(The data Opens)
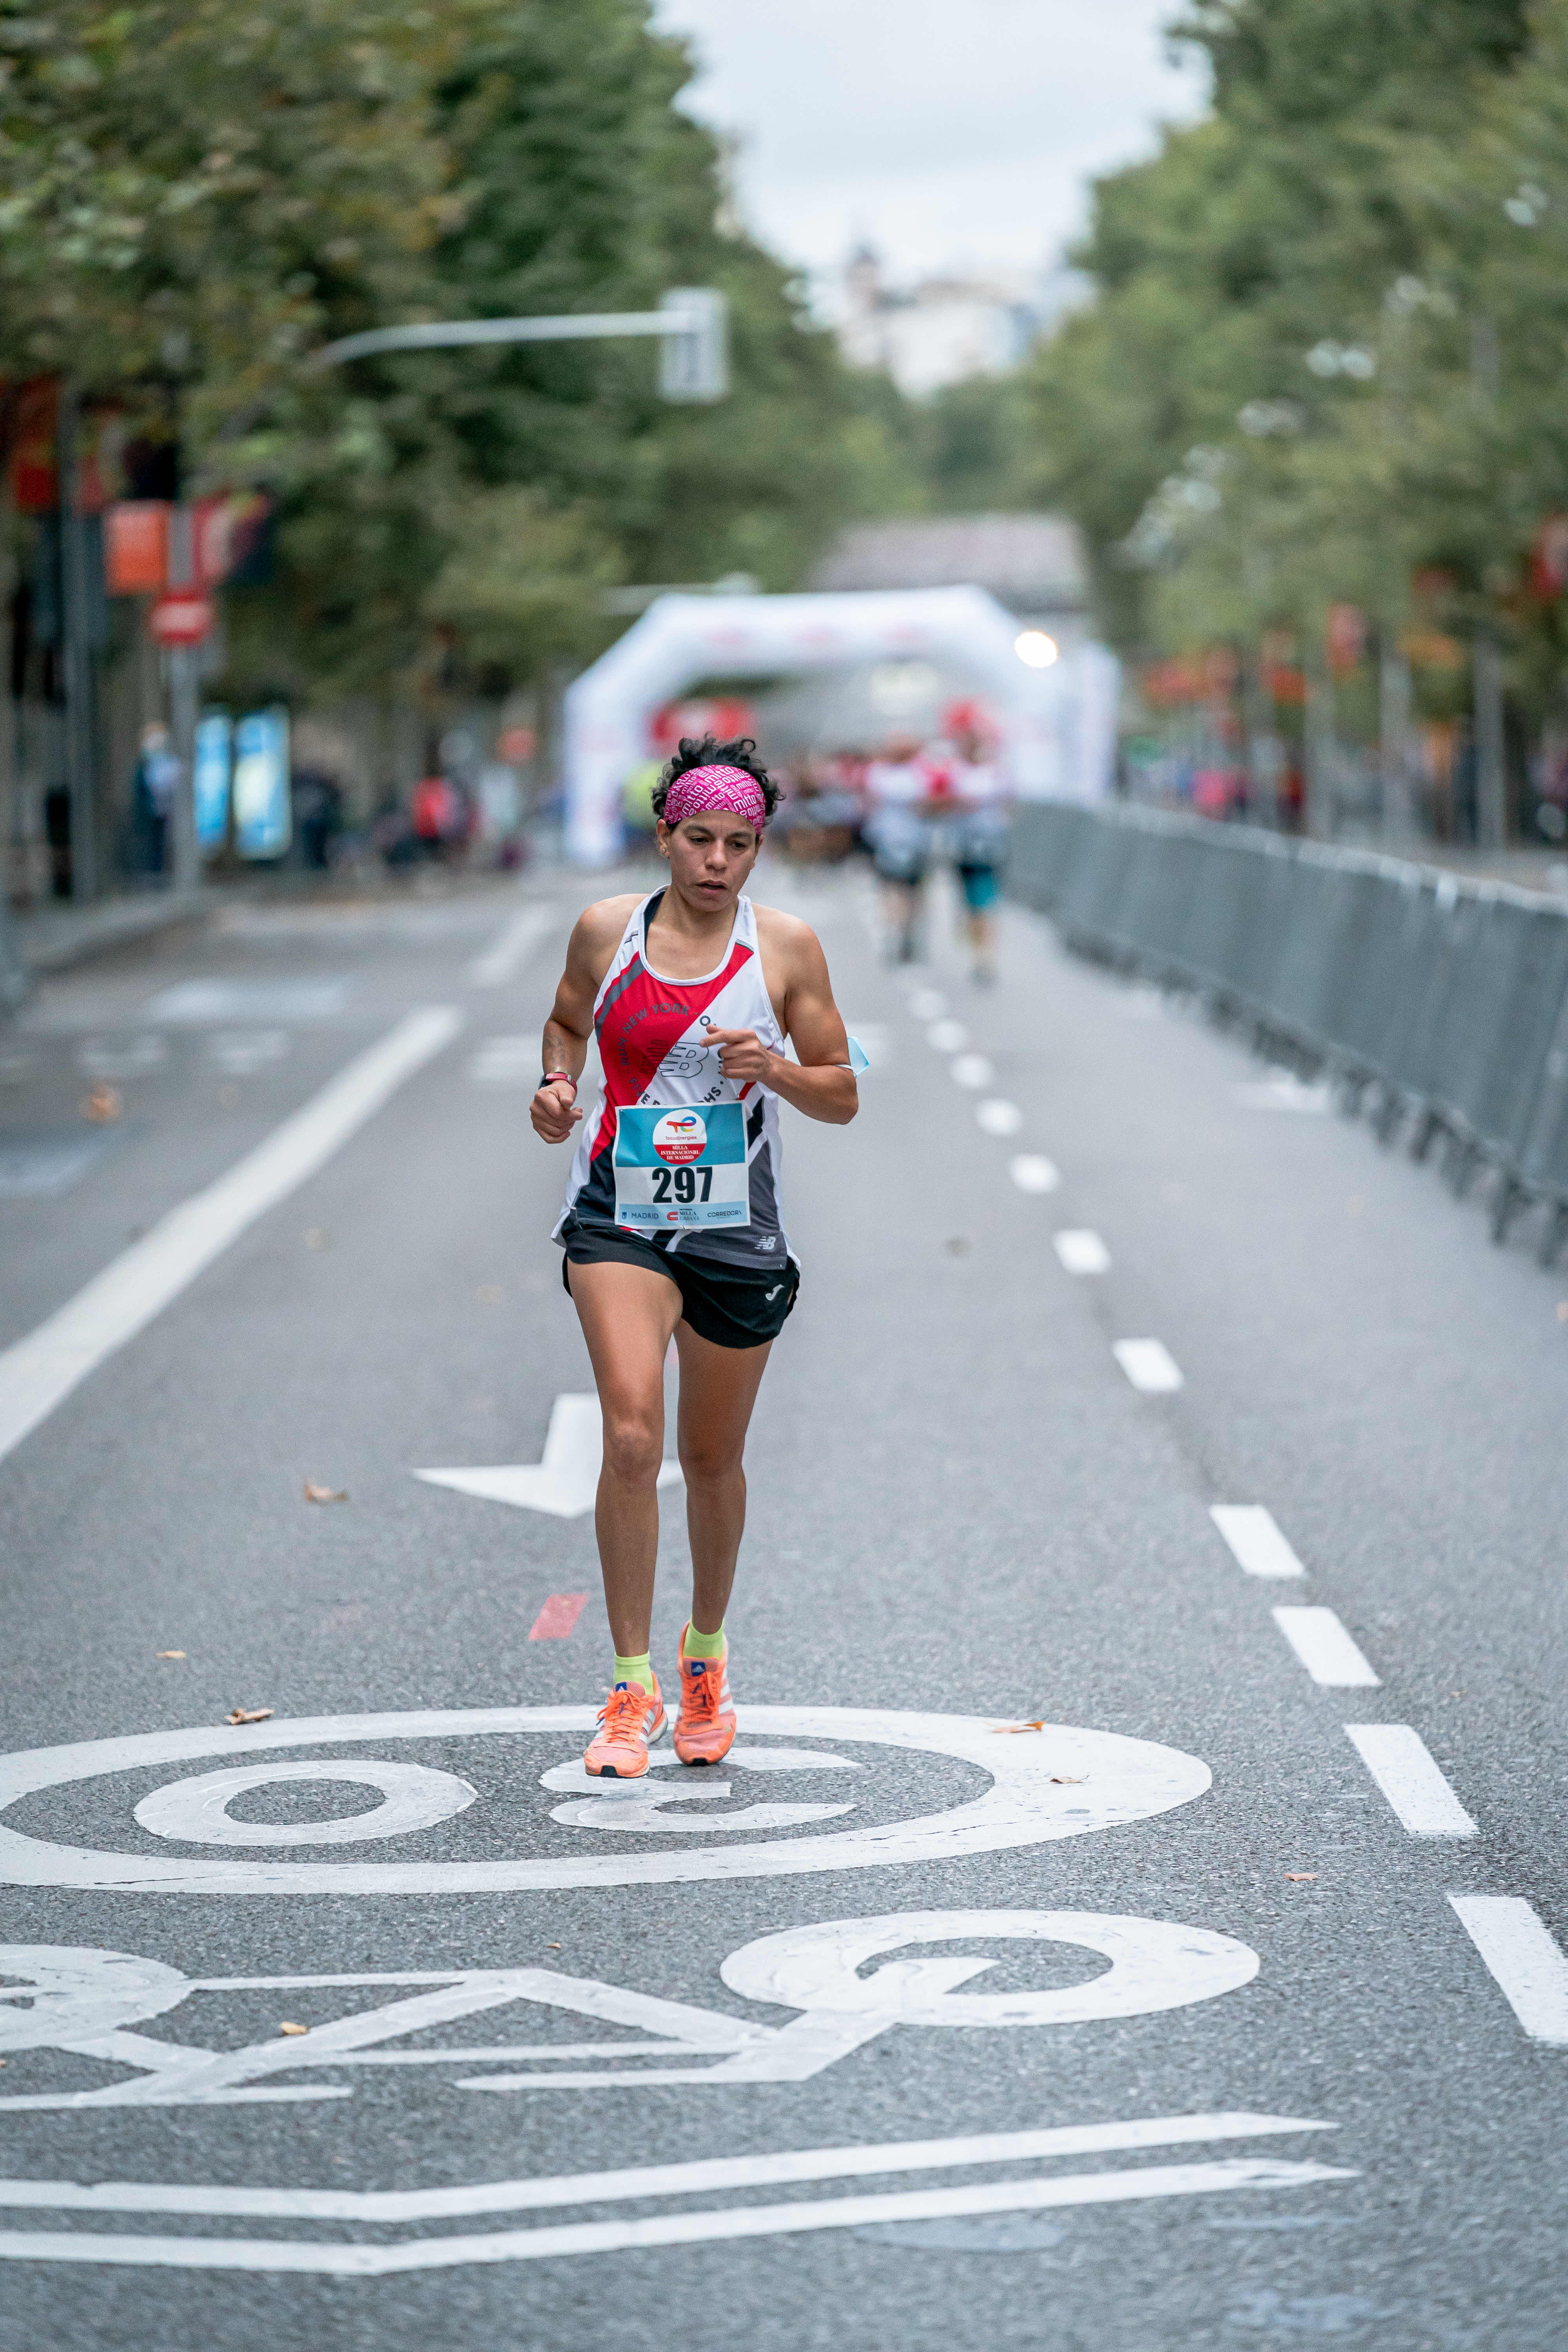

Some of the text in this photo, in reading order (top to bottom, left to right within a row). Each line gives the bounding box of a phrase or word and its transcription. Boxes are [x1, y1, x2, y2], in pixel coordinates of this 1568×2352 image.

[705, 766, 734, 784] mitto
[682, 785, 704, 815] mitto
[693, 784, 717, 809] mitto
[705, 792, 725, 809] mitto
[713, 780, 739, 800] mitto
[733, 793, 757, 811] mitto
[618, 1003, 691, 1065] RUN NEW YORK
[652, 1166, 713, 1203] 297
(The data Closes)
* Activity
Repeat the data word for word, minus any pictures.

* Answer to this exercise
Some of the text in this photo, in reading order (top to bottom, left to right within a row). Each line gives the bounding box of a phrase or word and its transcription. Boxes are [x1, y1, x2, y2], in pixel coordinates of this 1568×2352 image.

[705, 766, 734, 784] mitto
[682, 785, 704, 815] mitto
[693, 784, 717, 809] mitto
[705, 792, 725, 809] mitto
[713, 780, 739, 800] mitto
[733, 793, 757, 811] mitto
[618, 1003, 691, 1065] RUN NEW YORK
[652, 1166, 713, 1203] 297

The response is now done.